Il ConsorziOltremare ha
presentato al Piccolo Teatro di Catania, alla presenza
delle due attrici danzatrici Chiaraluce Fiorito ed Elena
Ragaglia, degli autori delle musiche (Francesco Gianino,
Aurelio Frazzetto e Rosario Gianino) e delle riprese e
del montaggio (Paolo Schembari), il cortometraggio in
bianco e nero “Dualitè”, girato in digitale e tratto dal
testo “L'amato nipote” di Alphonse Allais, umorista e
commediografo francese vissuto tra la metà
dell'Ottocento e i primissimi del Novecento. Il corto,
della durata di 12 minuti, è nato dall’idea coreografica
di Chiaraluce Fiorito che si occupa anche della regia e
sceneggiatura.
“L'amato nipote - ha
spiegato Chiaraluce Fiorito - è la storia di un
inganno, raccontata in chiave umoristica da un
personaggio A ad un personaggio B. Il nipote, per
ereditare i beni dello zio ricco, compie il suo
assassinio in modo innocente: affabulando.
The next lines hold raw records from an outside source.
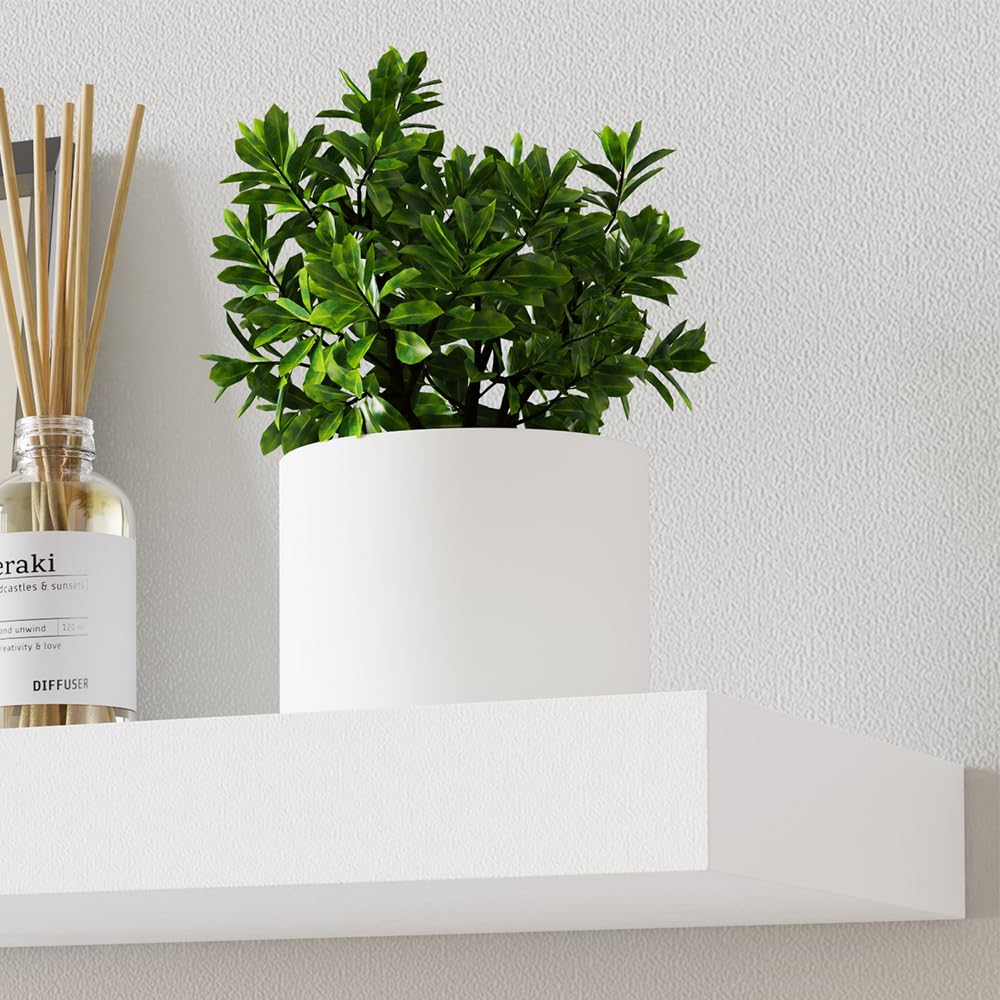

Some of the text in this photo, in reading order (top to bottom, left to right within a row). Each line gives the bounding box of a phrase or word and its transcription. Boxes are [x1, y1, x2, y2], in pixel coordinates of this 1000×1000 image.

[41, 581, 47, 591] &
[15, 625, 47, 634] unwind
[35, 642, 41, 650] &
[44, 642, 62, 650] love
[33, 678, 89, 692] DIFFUSER
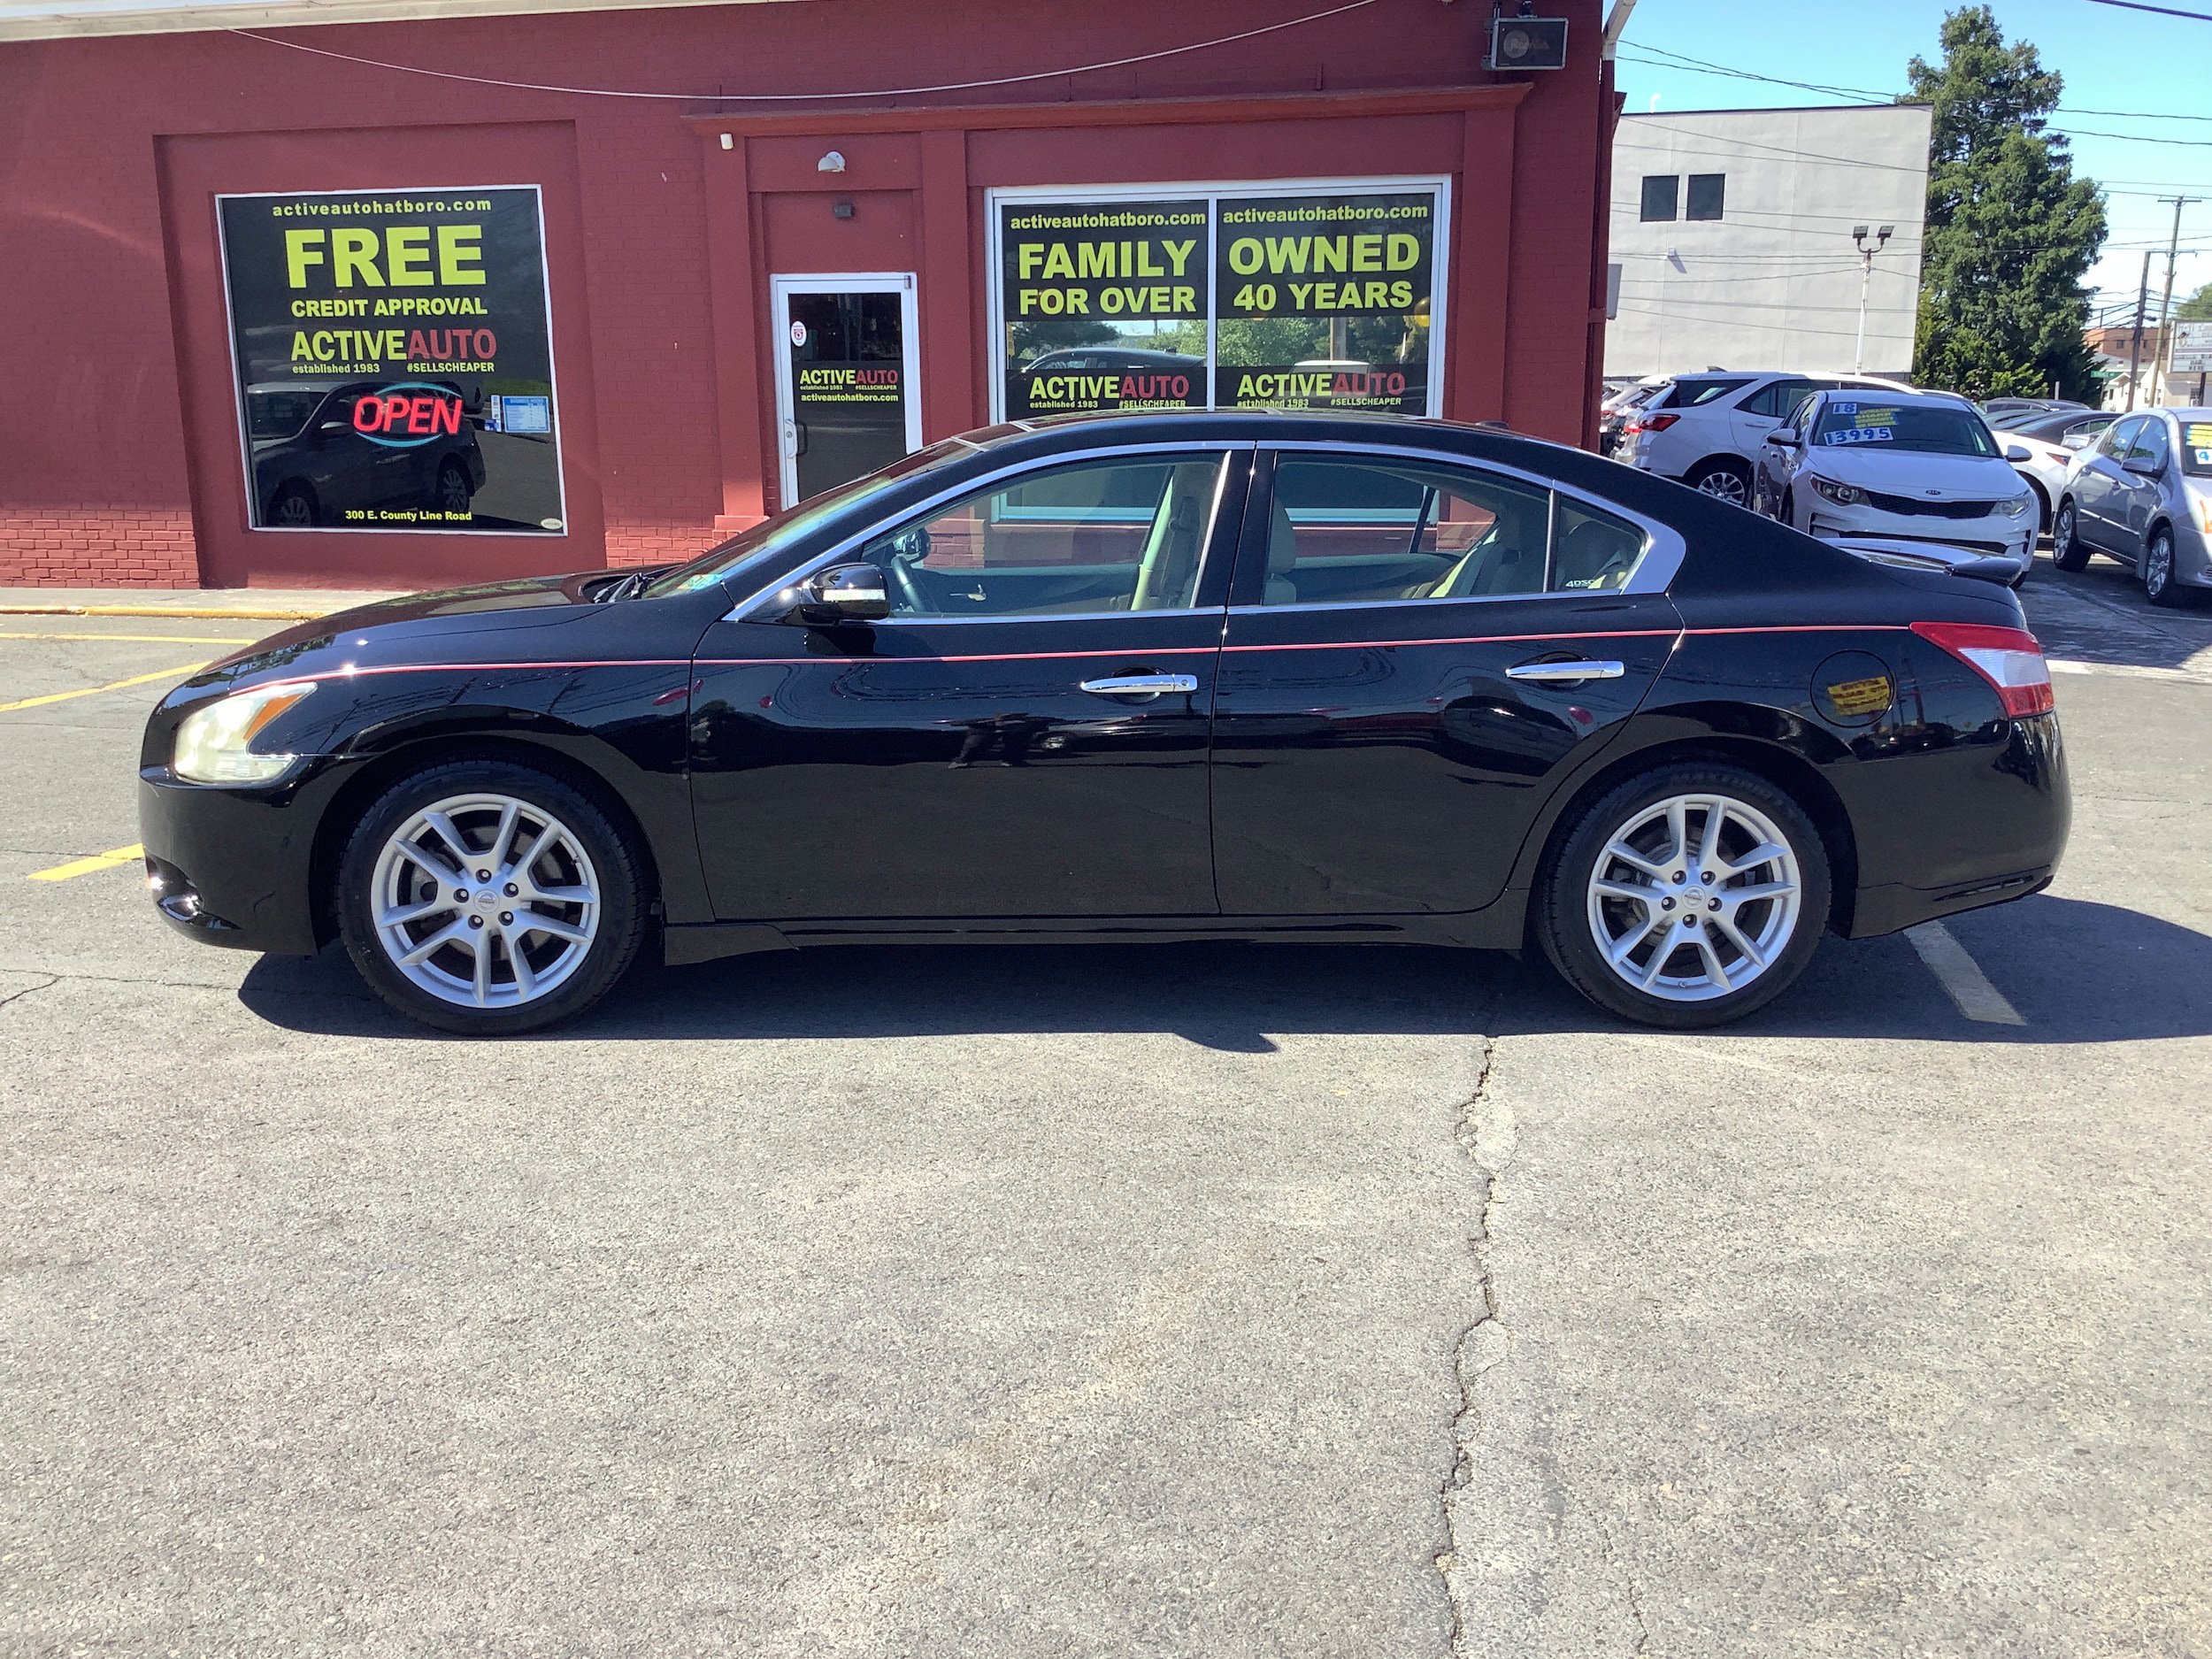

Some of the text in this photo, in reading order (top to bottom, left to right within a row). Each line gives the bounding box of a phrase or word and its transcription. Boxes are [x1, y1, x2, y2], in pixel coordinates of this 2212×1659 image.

Si tratta di
un dialogo brevissimo ed immediato, anche per la
voracità con cui vengono emesse le battute”.
Nel corto, girato nella sala
del “Piccolo di Catania, le protagoniste di una dualità
di gesti e parole, privilegiando, però, proprio la
gestualità, sono Elena Ragaglia e Chiaraluce Fiorito. Le
due attrici-danzatrici, sono le assolute protagoniste
del corto attraverso tre scene. Chiaraluce Fiorito, dopo
la proiezione del corto, ha poi annunciato che “Dualitè”
è stato selezionato per una rassegna che si svolgerà a
febbraio, a Termini Imerese, dedicata ad Artaud.